▶ Extracted entries
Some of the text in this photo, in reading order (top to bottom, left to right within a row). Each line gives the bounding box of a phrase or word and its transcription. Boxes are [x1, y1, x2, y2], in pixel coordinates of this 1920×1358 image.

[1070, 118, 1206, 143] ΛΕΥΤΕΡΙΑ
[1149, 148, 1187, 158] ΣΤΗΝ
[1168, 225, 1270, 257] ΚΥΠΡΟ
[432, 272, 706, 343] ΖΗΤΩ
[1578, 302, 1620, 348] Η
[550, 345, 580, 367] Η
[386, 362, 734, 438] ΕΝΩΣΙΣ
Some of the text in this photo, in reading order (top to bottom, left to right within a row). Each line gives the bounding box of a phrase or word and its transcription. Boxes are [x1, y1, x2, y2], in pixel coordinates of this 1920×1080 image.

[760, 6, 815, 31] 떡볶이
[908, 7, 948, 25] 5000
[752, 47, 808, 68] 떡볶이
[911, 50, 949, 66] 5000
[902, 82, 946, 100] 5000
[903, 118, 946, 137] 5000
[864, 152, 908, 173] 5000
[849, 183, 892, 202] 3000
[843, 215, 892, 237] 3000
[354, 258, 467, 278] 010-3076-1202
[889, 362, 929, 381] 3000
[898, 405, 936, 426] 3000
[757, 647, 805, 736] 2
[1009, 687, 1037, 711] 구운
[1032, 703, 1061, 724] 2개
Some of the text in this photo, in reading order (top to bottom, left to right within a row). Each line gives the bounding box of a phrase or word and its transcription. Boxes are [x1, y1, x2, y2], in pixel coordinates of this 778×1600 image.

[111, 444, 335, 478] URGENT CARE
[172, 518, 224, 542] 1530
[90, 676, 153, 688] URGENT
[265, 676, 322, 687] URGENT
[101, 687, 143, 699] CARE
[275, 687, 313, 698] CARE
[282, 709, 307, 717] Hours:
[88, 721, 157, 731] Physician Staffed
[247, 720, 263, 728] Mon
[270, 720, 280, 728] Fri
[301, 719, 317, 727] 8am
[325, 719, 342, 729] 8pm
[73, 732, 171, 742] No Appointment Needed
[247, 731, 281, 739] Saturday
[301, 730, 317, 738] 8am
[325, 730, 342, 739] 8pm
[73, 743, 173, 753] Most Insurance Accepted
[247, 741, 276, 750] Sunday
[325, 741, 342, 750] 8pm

▶ To do
Give back the complete data exactly as supplied.

▶ Answer for the task
Some of the text in this photo, in reading order (top to bottom, left to right within a row). Each line gives the bounding box of a phrase or word and its transcription. Boxes are [x1, y1, x2, y2], in pixel coordinates of this 1920×1358 image.

[1070, 118, 1206, 143] ΛΕΥΤΕΡΙΑ
[1149, 148, 1187, 158] ΣΤΗΝ
[1168, 225, 1270, 257] ΚΥΠΡΟ
[432, 272, 706, 343] ΖΗΤΩ
[1578, 302, 1620, 348] Η
[550, 345, 580, 367] Η
[386, 362, 734, 438] ΕΝΩΣΙΣ
Some of the text in this photo, in reading order (top to bottom, left to right within a row). Each line gives the bounding box of a phrase or word and its transcription. Boxes are [x1, y1, x2, y2], in pixel coordinates of this 1920×1080 image.

[760, 6, 815, 31] 떡볶이
[908, 7, 948, 25] 5000
[752, 47, 808, 68] 떡볶이
[911, 50, 949, 66] 5000
[902, 82, 946, 100] 5000
[903, 118, 946, 137] 5000
[864, 152, 908, 173] 5000
[849, 183, 892, 202] 3000
[843, 215, 892, 237] 3000
[354, 258, 467, 278] 010-3076-1202
[889, 362, 929, 381] 3000
[898, 405, 936, 426] 3000
[757, 647, 805, 736] 2
[1009, 687, 1037, 711] 구운
[1032, 703, 1061, 724] 2개
Some of the text in this photo, in reading order (top to bottom, left to right within a row). Each line gives the bounding box of a phrase or word and its transcription. Boxes are [x1, y1, x2, y2], in pixel coordinates of this 778×1600 image.

[111, 444, 335, 478] URGENT CARE
[172, 518, 224, 542] 1530
[90, 676, 153, 688] URGENT
[265, 676, 322, 687] URGENT
[101, 687, 143, 699] CARE
[275, 687, 313, 698] CARE
[282, 709, 307, 717] Hours:
[88, 721, 157, 731] Physician Staffed
[247, 720, 263, 728] Mon
[270, 720, 280, 728] Fri
[301, 719, 317, 727] 8am
[325, 719, 342, 729] 8pm
[73, 732, 171, 742] No Appointment Needed
[247, 731, 281, 739] Saturday
[301, 730, 317, 738] 8am
[325, 730, 342, 739] 8pm
[73, 743, 173, 753] Most Insurance Accepted
[247, 741, 276, 750] Sunday
[325, 741, 342, 750] 8pm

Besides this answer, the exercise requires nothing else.